Performan Pedet Sapi Potong yang Dihasilkan Peternak di Kecamatan Mlati Kabupaten Sleman Daerah Istimewa Yogyakarta
Wima Zola Adal Pasuri, Prof. Dr. Ir. Endang Baliarti, SU.; Ir. Tri Satya Mastuti Widi. S.Pt., M.P., M.Sc., Ph.D., IPM., ASEAN Eng.
2021 | Skripsi | S1 ILMU DAN INDUSTRI PETERNAKANMayoritas usaha pembiakan sapi potong dilakukan oleh peternak rakyat dengan tujuan untuk menghasilkan pedet. penelitian ini bertujuan untuk melakukan kajian performan pedet yang dihasilkan peternak.
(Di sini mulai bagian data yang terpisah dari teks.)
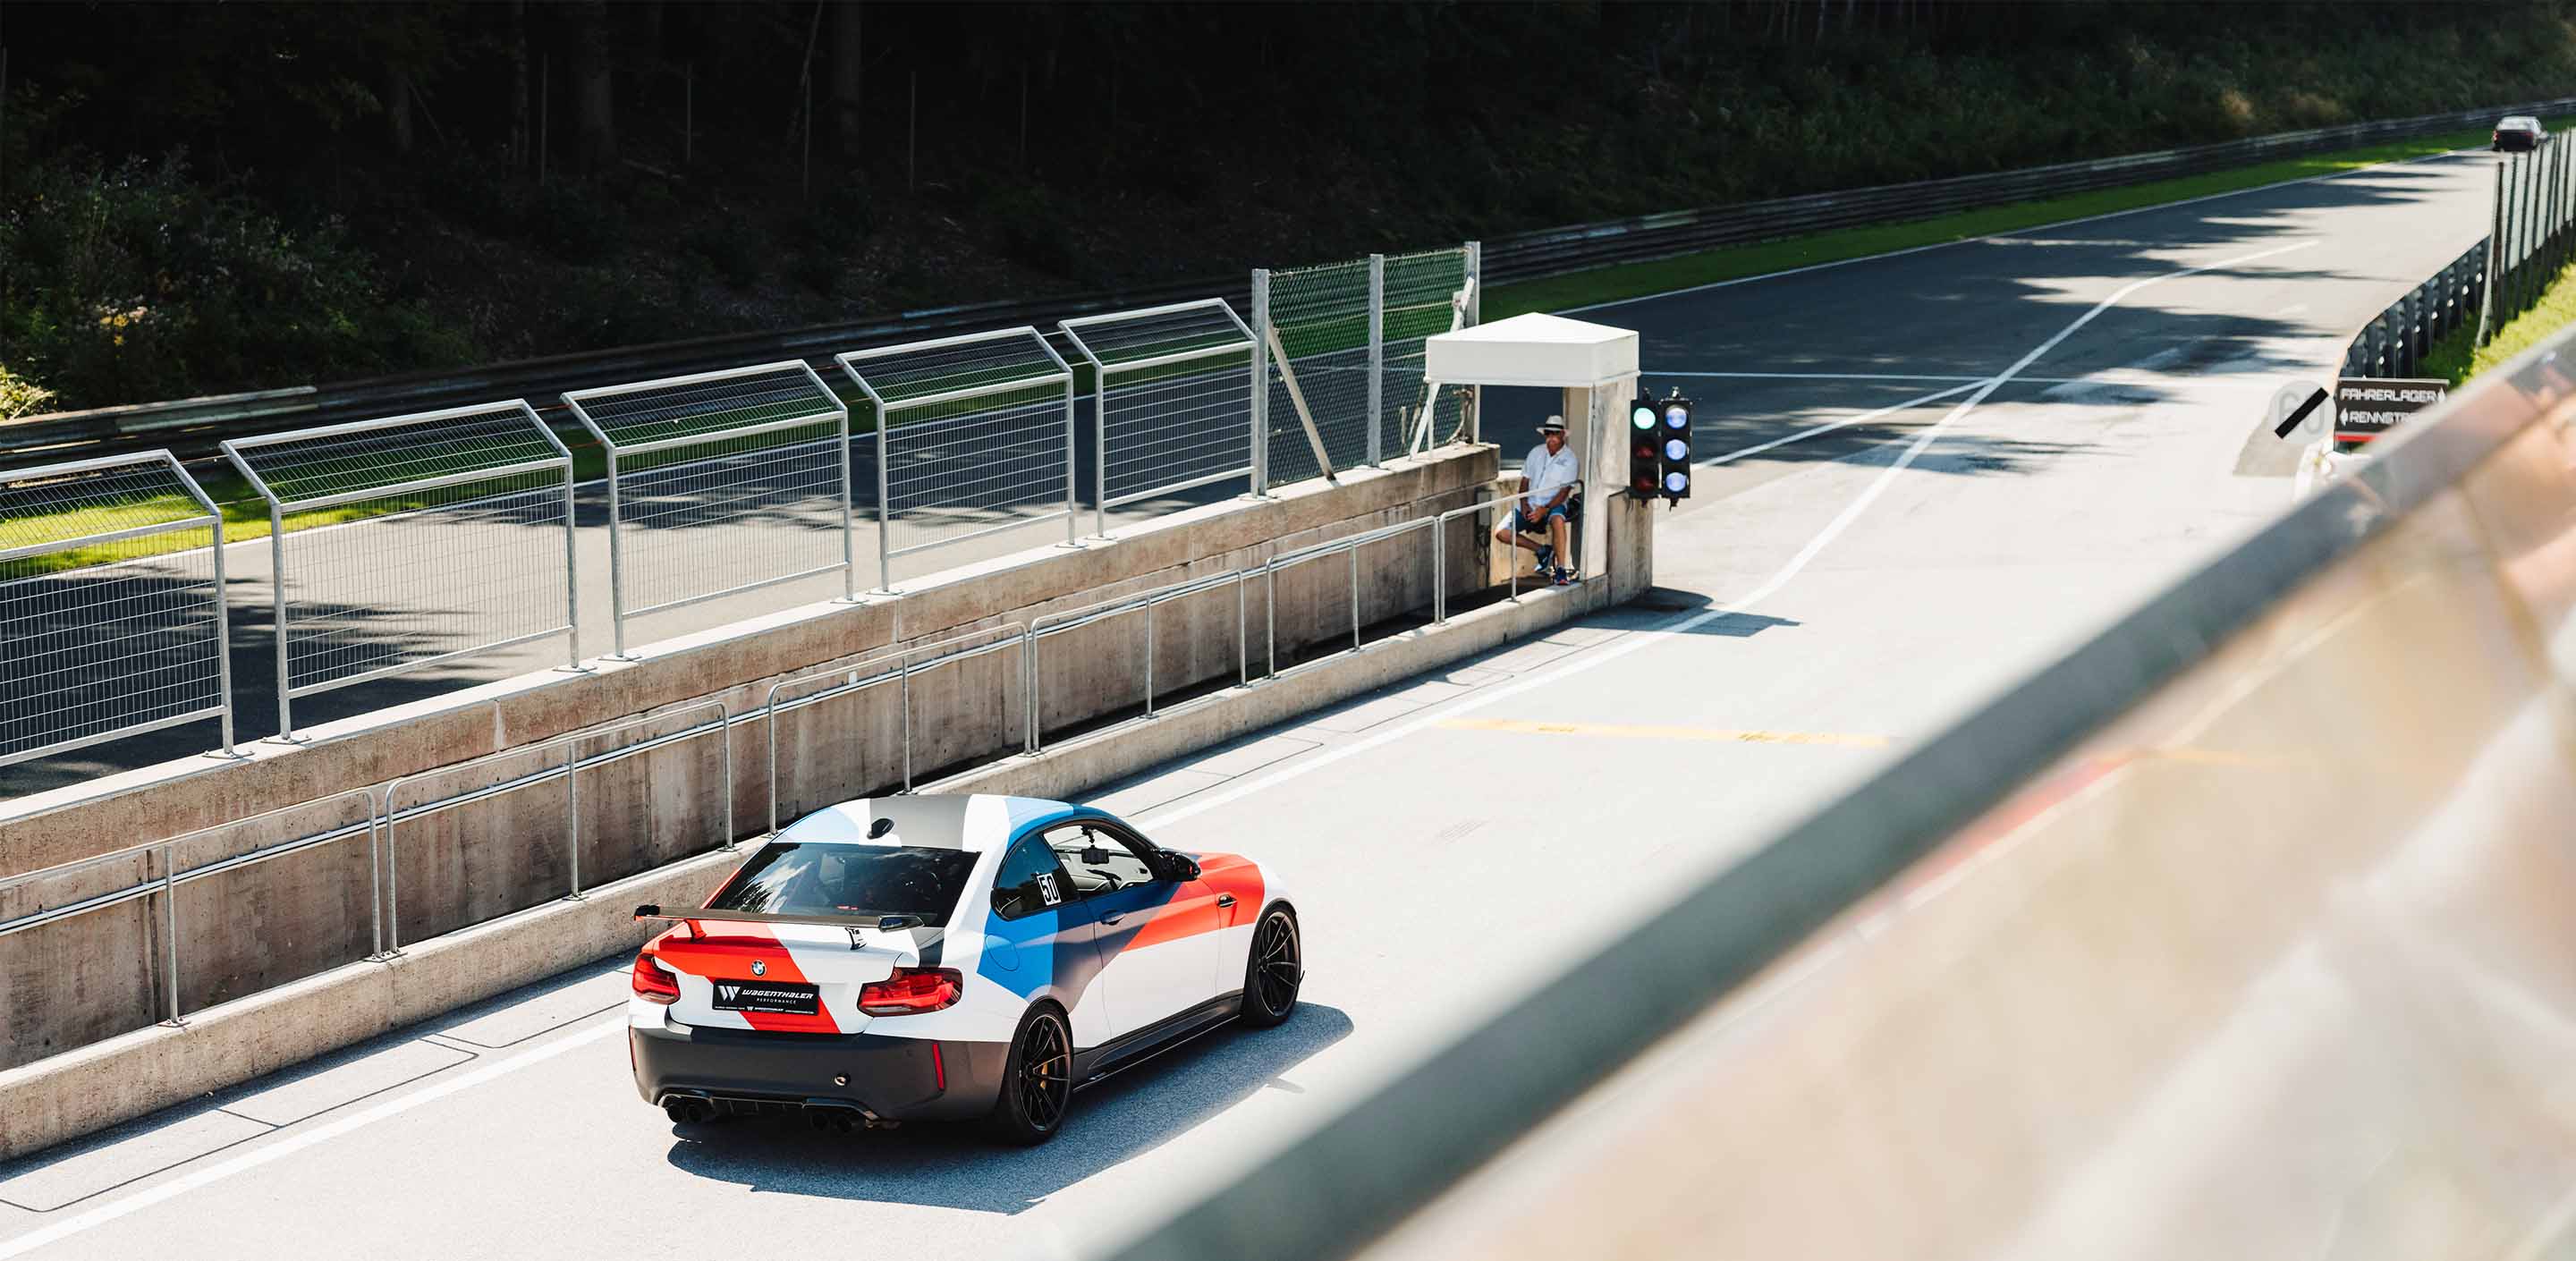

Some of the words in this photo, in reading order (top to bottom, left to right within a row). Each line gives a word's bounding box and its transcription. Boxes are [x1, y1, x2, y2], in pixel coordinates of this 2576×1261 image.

[2340, 388, 2437, 402] FAHRERLAGER
[1038, 876, 1059, 902] 50
[741, 989, 814, 999] WAGENTHALER
Lokasi penelitian di empat kelompok peternak sapi potong binaan Fakultas Peternakan UGM yaitu Ngudi makmur, Tanam Tuwuh, Wono Ilir-ilir, dan Bayu Andini, Kecamatan Mlati, Kabupaten Sleman, Yogyakarta. Penelitian dilaksanakan pada bulan November-Desember 2020. Sebagai responden adalah 79 peternak sapi potong yang menjadi anggota kelompok, dipilih yang selama tahun 2018-2020 memiliki pedet sudah dijual atau belum. Performan pedet yang diteliti terutama meliputi bangsa dan jenis kelamin. Data lain yang dicatat adalah umur dan harga pedet saat dijual, harga jual, alasan menjual pedet, dan sistem jual beli pedet. Untuk induknya, dikaji umur induk saat penelitian, sudah berapa lama induk dipelihara, berapa kali induk tersebut sudah beranak selama dipelihara, dan bangsa straw pejantan yang dipilih untuk inseminasi buatan (IB), diperoleh melalui wawancara menggunakan kuesioner. Data selanjutnya dianalisis secara deskriptif kualitatif dan kuantitatif; umur pedet dan harga jual dihitung rata-rata dan standar deviasi; bangsa dan jenis kelamin dihitung persentasenya. Hasil penelitian menunjukkan performan pedet yang dihasilkan peternak, dari sisi bangsa mayoritas keturunan Simmental-Peranakan Ongole (Simpo) dan Peranakan Ongole (PO), jumlah pedet jantan dan betina relatif seimbang. Saat dijual umur pedet bervariasi dari 4 bulan sampai 11 bulan, harga jual bervariasi dari Rp. 7.000.000,00 sampai Rp 19.000.000,00, alasan utama menjual pedet adalah untuk memenuhi kebutuhan keluarga serta keperluan Pendidikan. Rata-rata umur induk saat penelitian adalah 5,84±2,29 tahun, telah beranak 2,95±1,93 kali, sudah dipelihara selama 4,75±2,51 tahun. Berdasarkan penelitian disimpulkan bahwa peternak sapi potong di Kecamatan Mlati, Kabupaten Sleman, Yogyakarta lebih menyukai menghasilkan pedet Simpo karena harga jualnya lebih tinggi. Memelihara sapi induk untuk menghasilkan pedet masih akan tetap dilakukan peternak karena sangat dibutuhkan sebagai tabungan, serta menimbulkan rasa aman dari segi ekonomi peternak.
The objective of beef cattle breeding carried out by smallholder farmers was mostly to produce calves. This study aims to study the performance of calves produced by smallholder farmers. The research was located in the four farmer groups assisted by the Faculty of Animal Science (Ngudi Makmur,Tanam Tuwuh, Wono Ilir-ilir, and Bayu Andini), District of Mlati, Sleman Regency, Yogyakarta. The research was conducted in November-December 2020. The respondents are 79 beef cattle farmers who had calves (in 2018-2020) which were sold or not. The data recorded were breed , sex, age of the calvesand the price when they were sold, reasons for selling and trading systems. Additional data were age of the cows, duration of rearing, number of calving, and breed of the bulls, used for artificial insemination. The data was obtained through interviews using a questionnaire. The results showed that the performance of the calves produced by the farmer majority was SimmentalOngole grade (Simpo) and Ongole grade (PO); the number of male and female calves was relatively equal. When sold, the age of the calves was varied from 4 to 11 months; the selling price was varied from 7,000,000.00 to19,000,000.00 IDR; the main reasons of selling the calves were economicalneeds. The average of cow's age was 5.84±2.29 years, had calved 2.95±1.93 times, reared for 4.75±2.51 years. The conclusion of this study was that the beef cattle farmers in Mlati District, Sleman Regency, Yogyakarta, preferred to produce Simpo calves because the selling price was higher than PO calves. The farmers will still continue breeding cows to produce calves because they need it for saving money, so they have sense of security in economic needs.
Kata Kunci : Performan pedet sapi potong, Peternak rakyat, Kecamatan Mlati.